May is Earth Month. Coincidentally, many companies planning an imminent return to the physical office are ramping up their efforts to be more eco-conscious. The commitment of businesses and brands to be more Earth-friendly is hardly new. After all, doing so just makes good business sense. Not only does it reduce waste — and boost the image of companies among their customers — but it also bolsters the bottom line.
Even still, during the pandemic, as firms dramatically curbed their energy and paper usage and reduced their office footprint, sustainability has become a whole new rallying cry.
The global agency holding company IPG launched an initiative in the runup to Earth Month that underscored its commitment to the environment. Through its Sustainability Allies team, it has set a benchmark to save 50,000kg of Co2 and one million liters of water over three weeks this month. It has encouraged employees to share their sustainability efforts on social media and is giving the first 100 employees to save 1kg of carbon an insulated tumbler made of recycled plastic.
“Our fragile ecosystems around the world are suffering and underrepresented and disenfranchised communities experience this even more,” the company stated in a recent company memo. “As we continue to face the COVID-19 pandemic, now more than ever, access to clean air and safe water is critical to the health of people around the world. IPG is committed to environmental, social and governance issues. Individual behavior changes, such as reducing waste, are actionable ways to reduce our own contributions to climate injustice.”
Agency R/GA had already prioritized improving its sustainability before the pandemic, but over the last year its global office footprint reduced further and in a way that better suits its future plans for the office, according to Jess Astor, vp, executive director of business operations, R/GA. “With fewer people expected to be commuting to the office daily, office layouts will prioritize space for collaboration and communal work areas, and we have built a desk- booking system,” she said.

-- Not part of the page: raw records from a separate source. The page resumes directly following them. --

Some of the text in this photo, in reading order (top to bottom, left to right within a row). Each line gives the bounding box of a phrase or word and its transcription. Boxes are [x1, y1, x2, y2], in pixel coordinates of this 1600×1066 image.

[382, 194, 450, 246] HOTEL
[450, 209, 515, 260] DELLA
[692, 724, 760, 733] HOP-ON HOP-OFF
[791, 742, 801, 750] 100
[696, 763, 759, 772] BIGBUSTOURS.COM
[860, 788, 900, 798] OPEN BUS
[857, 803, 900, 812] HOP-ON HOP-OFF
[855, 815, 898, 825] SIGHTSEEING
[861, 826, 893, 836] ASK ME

R/GA is among the companies radically reimagining their commitment to the physical workspace — and the use of resources that comes with it — as detailed in a recent article by The New Yorker.
Meantime, the office space solutions giant Industrious announced a goal of reducing paper and plastic waste by 25% its 100-plus locations in the U.S., where it operates more than 3 million square feet of space.
Industrious chief commercial officer Anna Levine said the company created its sustainability program after hearing feedback from its members and its own team about how some simple shifts in operations could have a significant impact on reducing waste. Its members, the company discovered, typically spend between six and nine hours a day in the office and use an average of five paper or plastic cups daily per member.
“We’ve known for years that sustainability just makes good business sense. Buying reusable and bulk items, for example, allows us to save longer term on operating costs,” Levine said. “And people truly want to be part of the change they want to see — they recognize that with small behavioral shifts their collective action can yield real results. As we see a national and global shift back to the physical workplace this summer, we still believe that these small shifts can produce big change — it’s one of the fundamental benefits of coworking and it’s important to remain mindful of that.”
Remote and hybrid work arrangements have had a clear impact on sustainability efforts. As a result of the pandemic, 78% of U.S. consumers believe their daily habits will change over the long term, including how they work and live, according to a recently released survey of 8,041 consumers globally by the professional services company GHD.
GHD also found that even after offices open back up, 37% of respondents in the U.S. expect to work from home more than they did before the pandemic, while 30% said their employer’s green credentials impacted their decisions about whether to become an employee and would consider those factors when choosing a future employer.
“The shifting workplace dynamics will permanently change how we think about everything — from transportation and digital infrastructure to how we configure our cities and office spaces,” said Greg Carli, sustainability, resilience & Environmental Social Governance advisory leader at GHD.
As cofounder and chief innovation officer of Resonance Global — a company whose business is helping other companies embrace sustainability — Steve Schmida knows a thing or two about how companies can become more eco-conscious upon the return to the office. Among the actions he advises his clients to take are continuing to cut back on business travel, and on office space.
It’s advice Schmida himself has followed.
“As the pandemic wore on, Resonance reduced its office footprint — a trend that we will continue as we allow much greater flexibility for remote work even as we return to the office,” he said. “Less office space means lower cost and carbon emissions, as well as reduced use of resources.”